Once the pictures are removed, return each record below exactly as written.

************

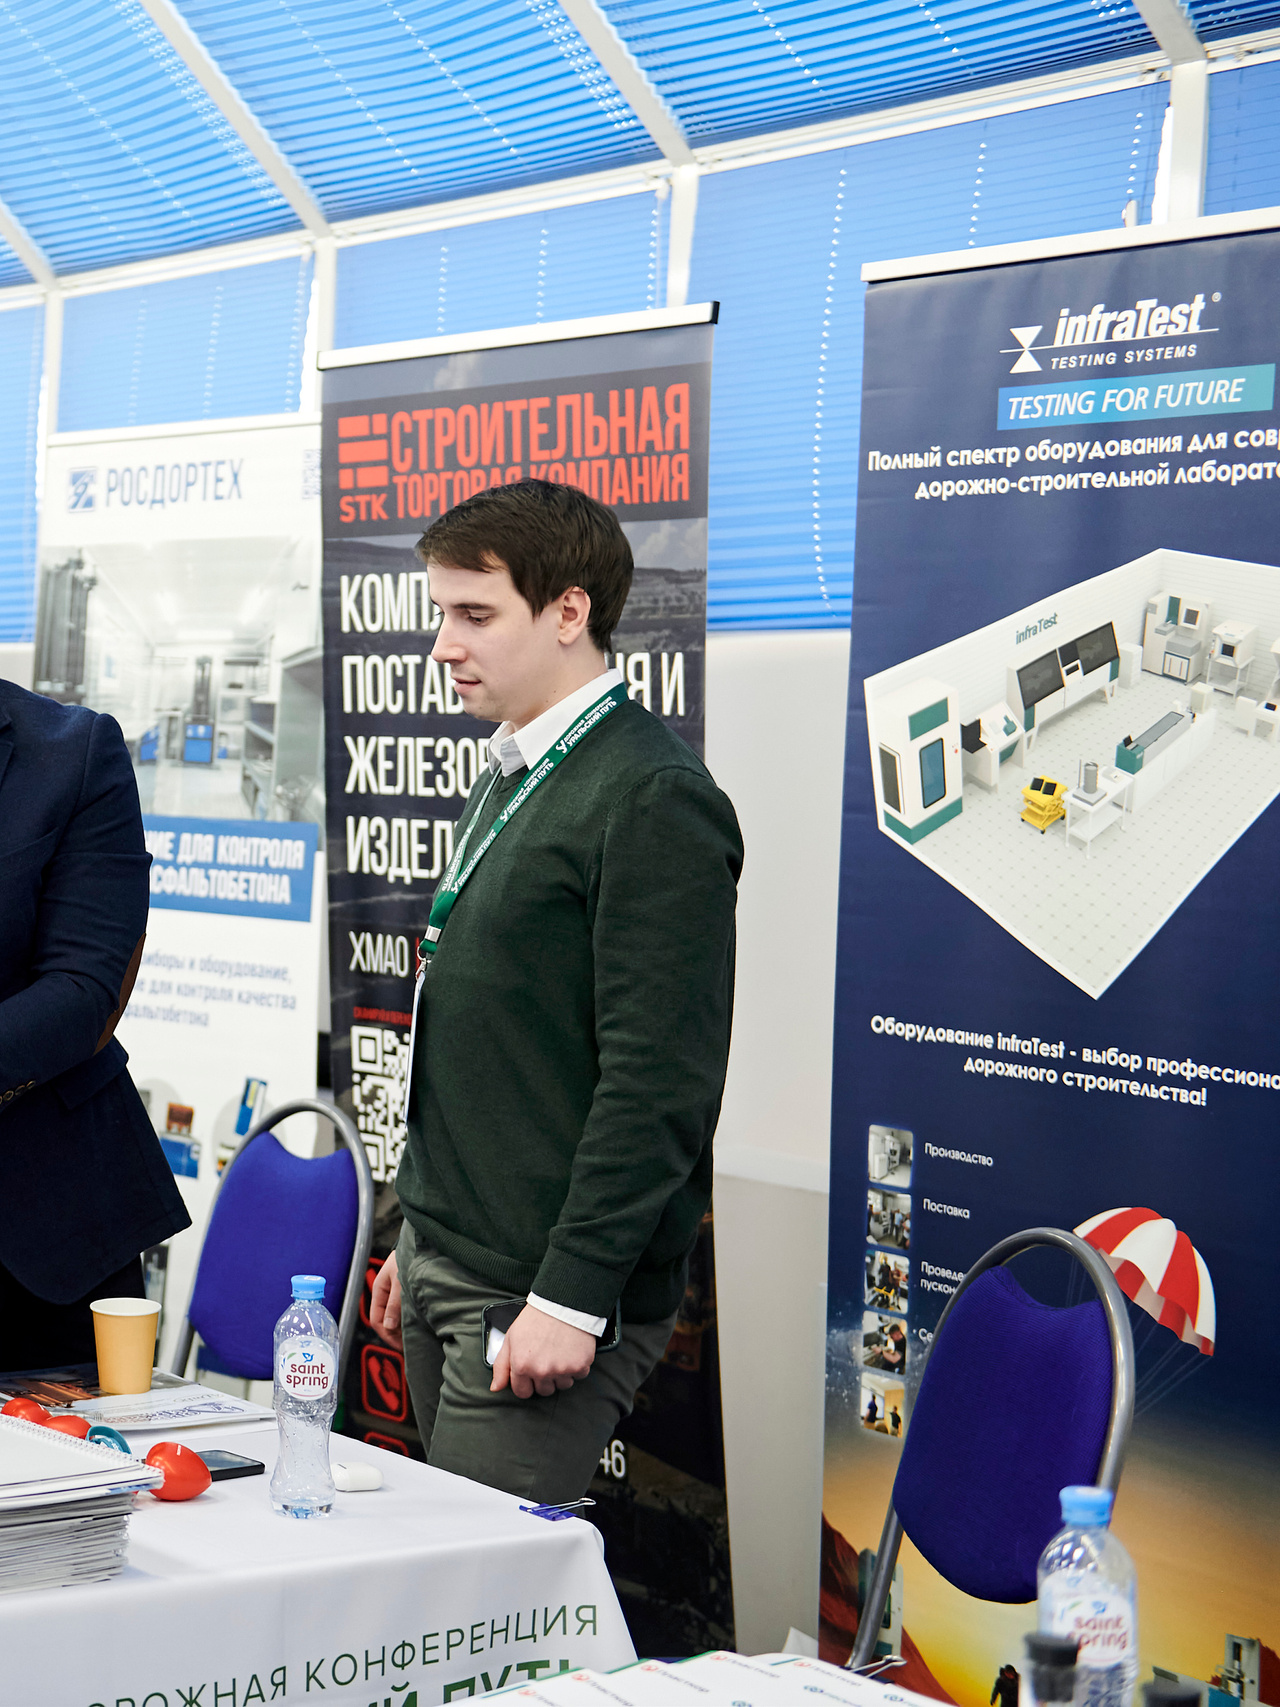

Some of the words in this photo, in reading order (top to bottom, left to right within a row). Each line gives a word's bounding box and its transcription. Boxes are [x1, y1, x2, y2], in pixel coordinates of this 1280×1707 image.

[1052, 294, 1205, 347] infraTest
[1050, 353, 1117, 370] TESTING
[1125, 345, 1197, 363] SYSTEMS
[1008, 391, 1094, 420] TESTING
[1101, 386, 1149, 413] FOR
[1153, 378, 1245, 409] FUTURE
[391, 382, 690, 474] СТРОИТЕЛЬНАЯ
[868, 446, 942, 471] Полный
[946, 446, 1020, 468] спектр
[1025, 433, 1182, 461] оборудования
[1187, 428, 1227, 452] для
[1234, 428, 1280, 451] сов
[106, 458, 244, 510] РОСДОРТЕХ
[915, 463, 1170, 501] дорожно-строительной
[1174, 459, 1280, 486] лаборат
[339, 492, 389, 524] STK
[340, 571, 441, 632] КОМП
[660, 651, 685, 717] И
[566, 711, 602, 747] УРАЛЬСКИЙ
[599, 700, 617, 716] ПУТЬ
[536, 762, 554, 780] ПУТЬ
[177, 832, 215, 865] ДЛЯ
[217, 835, 306, 871] КОНТРОЛЯ
[345, 815, 458, 884] ИЗДЕЛ
[150, 864, 291, 905] СФАЛЬТОБЕТОНА
[348, 930, 409, 978] ХМАО
[871, 1015, 994, 1050] Оборудование
[997, 1031, 1065, 1060] infraTest
[1082, 1047, 1143, 1072] выбор
[963, 1056, 1058, 1085] дорожного
[1062, 1070, 1208, 1107] строительства!
[925, 1142, 994, 1167] Производство
[923, 1198, 970, 1219] Поставка
[921, 1261, 966, 1283] Проведе
[286, 1375, 329, 1390] spring
[290, 1363, 326, 1375] saint
[1074, 1614, 1124, 1630] saint
[305, 1604, 598, 1692] КОНФЕРЕНЦИЯ
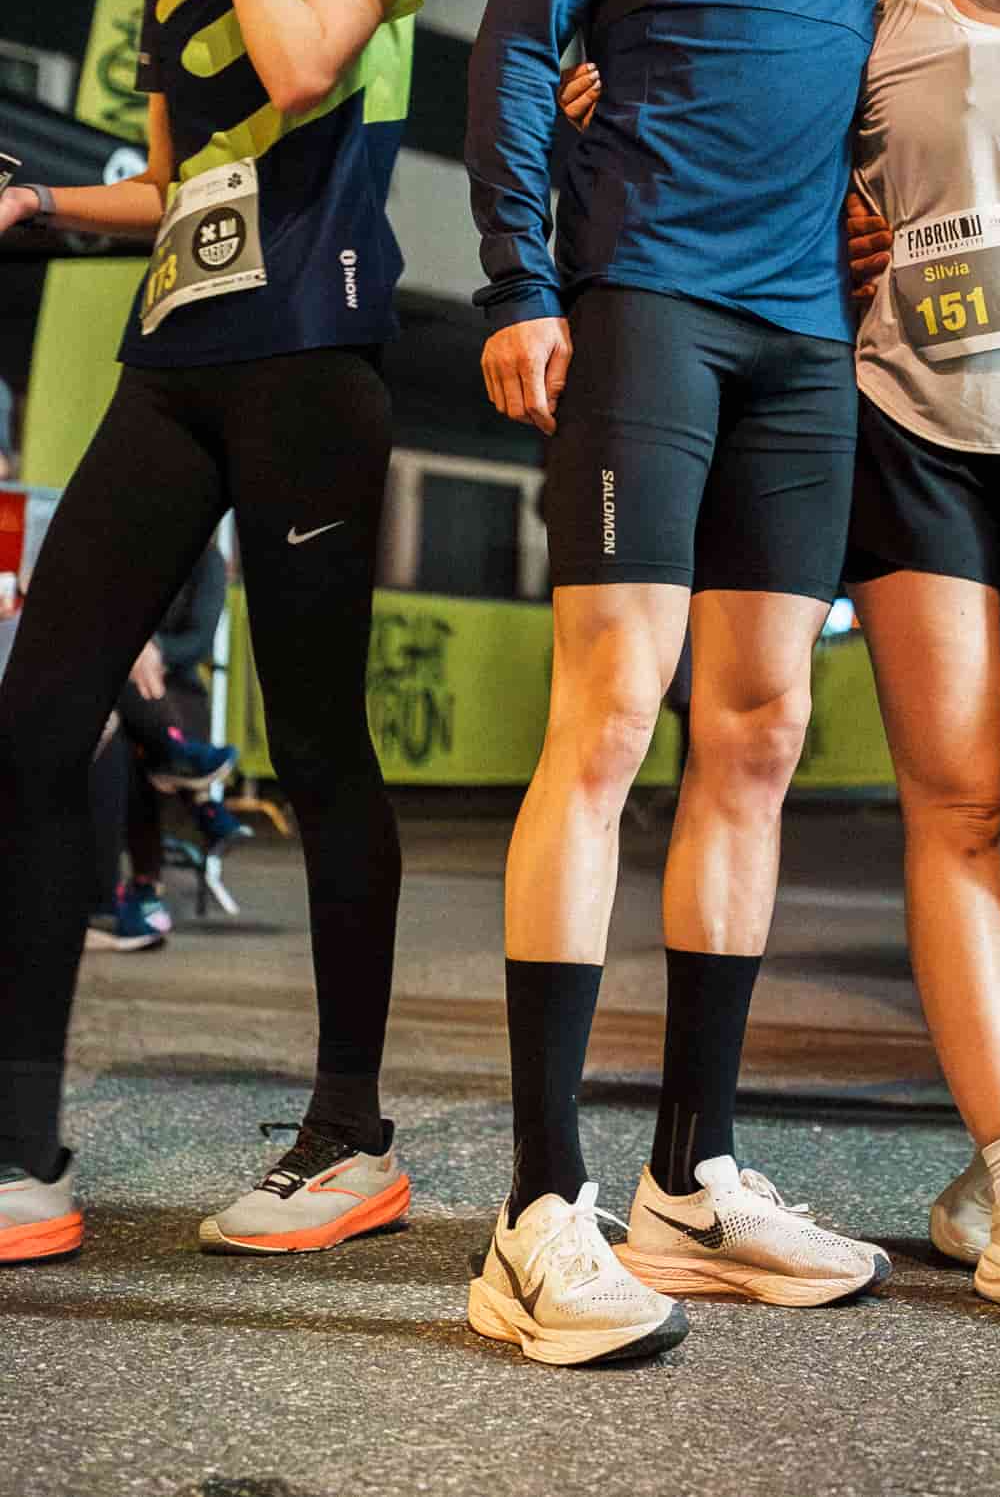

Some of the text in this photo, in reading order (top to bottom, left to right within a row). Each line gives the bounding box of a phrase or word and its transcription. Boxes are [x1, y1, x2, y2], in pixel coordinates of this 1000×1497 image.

[907, 217, 961, 251] FABRIK
[924, 262, 971, 283] Silvia
[916, 286, 989, 336] 151
[602, 469, 616, 555] SALOMON

************

- [Expected answer]
Some of the words in this photo, in reading order (top to bottom, left to right within a row). Each line gives a word's bounding box and its transcription. Boxes are [x1, y1, x2, y2], in pixel coordinates of this 1280×1707 image.

[1052, 294, 1205, 347] infraTest
[1050, 353, 1117, 370] TESTING
[1125, 345, 1197, 363] SYSTEMS
[1008, 391, 1094, 420] TESTING
[1101, 386, 1149, 413] FOR
[1153, 378, 1245, 409] FUTURE
[391, 382, 690, 474] СТРОИТЕЛЬНАЯ
[868, 446, 942, 471] Полный
[946, 446, 1020, 468] спектр
[1025, 433, 1182, 461] оборудования
[1187, 428, 1227, 452] для
[1234, 428, 1280, 451] сов
[106, 458, 244, 510] РОСДОРТЕХ
[915, 463, 1170, 501] дорожно-строительной
[1174, 459, 1280, 486] лаборат
[339, 492, 389, 524] STK
[340, 571, 441, 632] КОМП
[660, 651, 685, 717] И
[566, 711, 602, 747] УРАЛЬСКИЙ
[599, 700, 617, 716] ПУТЬ
[536, 762, 554, 780] ПУТЬ
[177, 832, 215, 865] ДЛЯ
[217, 835, 306, 871] КОНТРОЛЯ
[345, 815, 458, 884] ИЗДЕЛ
[150, 864, 291, 905] СФАЛЬТОБЕТОНА
[348, 930, 409, 978] ХМАО
[871, 1015, 994, 1050] Оборудование
[997, 1031, 1065, 1060] infraTest
[1082, 1047, 1143, 1072] выбор
[963, 1056, 1058, 1085] дорожного
[1062, 1070, 1208, 1107] строительства!
[925, 1142, 994, 1167] Производство
[923, 1198, 970, 1219] Поставка
[921, 1261, 966, 1283] Проведе
[286, 1375, 329, 1390] spring
[290, 1363, 326, 1375] saint
[1074, 1614, 1124, 1630] saint
[305, 1604, 598, 1692] КОНФЕРЕНЦИЯ

Some of the text in this photo, in reading order (top to bottom, left to right within a row). Each line gives the bounding box of a phrase or word and its transcription. Boxes are [x1, y1, x2, y2], in pixel coordinates of this 1000×1497 image.

[907, 217, 961, 251] FABRIK
[924, 262, 971, 283] Silvia
[916, 286, 989, 336] 151
[602, 469, 616, 555] SALOMON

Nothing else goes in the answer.